Before implementing the setup described below, we used a mix of Master-Master and Master-Replica replication. To handle the failover, we were using a VIP (Virtual IP address) with the servers set up as active-passive, sending a few read-only queries to the secondary master (or replica). With this setup, we achieved semi-automatic failover that required manual intervention to ensure the new master was in sync.

As Egnyte began to use more public cloud resources, VIPs became a big issue since most cloud providers don’t support VIP. Additionally, there was a need to handle providers’ zonal and regional outages while dealing with potential network partitioning issues.

To achieve the goals of reliable detection, region-tolerant failovers, a reasonable failover time, and a reliable failover solution, we zeroed in on using Orchestrator, Consul, and ProxySQL.

In this setup:

Orchestrator monitors MySQL nodes.
The Orch-Consul bridge service polls the Orchestrator and updates topology information in Consul KV.
The Consul template listens to KV changes and updates the ProxySQL configuration.
Clients connect to databases via ProxySQL.
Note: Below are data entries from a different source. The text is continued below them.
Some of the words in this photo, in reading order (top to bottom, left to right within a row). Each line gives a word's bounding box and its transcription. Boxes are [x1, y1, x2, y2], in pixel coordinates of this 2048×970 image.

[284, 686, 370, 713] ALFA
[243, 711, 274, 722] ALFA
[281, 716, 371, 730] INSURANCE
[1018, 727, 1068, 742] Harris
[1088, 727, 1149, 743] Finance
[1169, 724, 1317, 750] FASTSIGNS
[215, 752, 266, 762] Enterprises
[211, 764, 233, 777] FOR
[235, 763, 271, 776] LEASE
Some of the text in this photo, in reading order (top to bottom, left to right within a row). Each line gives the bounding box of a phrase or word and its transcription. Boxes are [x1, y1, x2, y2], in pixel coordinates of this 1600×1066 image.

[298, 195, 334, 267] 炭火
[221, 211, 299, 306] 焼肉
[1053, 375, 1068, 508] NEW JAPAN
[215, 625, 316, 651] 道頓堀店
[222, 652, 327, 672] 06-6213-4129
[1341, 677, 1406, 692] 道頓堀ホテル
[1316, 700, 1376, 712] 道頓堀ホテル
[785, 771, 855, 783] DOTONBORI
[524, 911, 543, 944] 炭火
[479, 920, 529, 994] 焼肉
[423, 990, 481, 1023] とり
We also gained insights from this blog from GitHub about how it uses Orchestrator.

This setup helps us because it:

Provides an alternative to VIP
Performs automatic failovers
Supports zonal failovers
Adds pre- and post-validation hooks before and after a failover to enforce integrity checks

Components

Here is a closer look at the components in our HA architecture and how we use them.

Orchestrator is an open source MySQL replication management and high availability solution.

With Orchestrator, we use a minimum of three-node clusters to handle failure of a single node. We made sure that all three nodes are deployed in three different zones so we can maintain quorum when one zone is down.

Consul is an open source service discovery, service mesh, and configuration management solution.

We already had a fully functional, highly available, and zone-aware cluster that we use for other highly available components in our stack. We installed Consul clients on the Orchestrator and ProxySQL nodes.

Orchestrator Consul Bridge is our custom-built service that communicates with the Orchestrator leader and updates the topology state in Consul KV. We wrote this service instead of using Orchestrator’s built-in KV support because we:

Wanted replica health information for automatic replica failovers
Needed more control on adding the failed nodes back into the pool
Needed a co-master(aka Multi-Master) support to handle database migrations across regions

The service:

Polls the Orchestrator at defined intervals
Uses the Orchestrator API to get topology state
Checks for differences from the current Consul state, and updates the changes idempotently to Consul KV

The service also has monitors to help alert for node failovers and connectivity issues between Orchestrator and Consul.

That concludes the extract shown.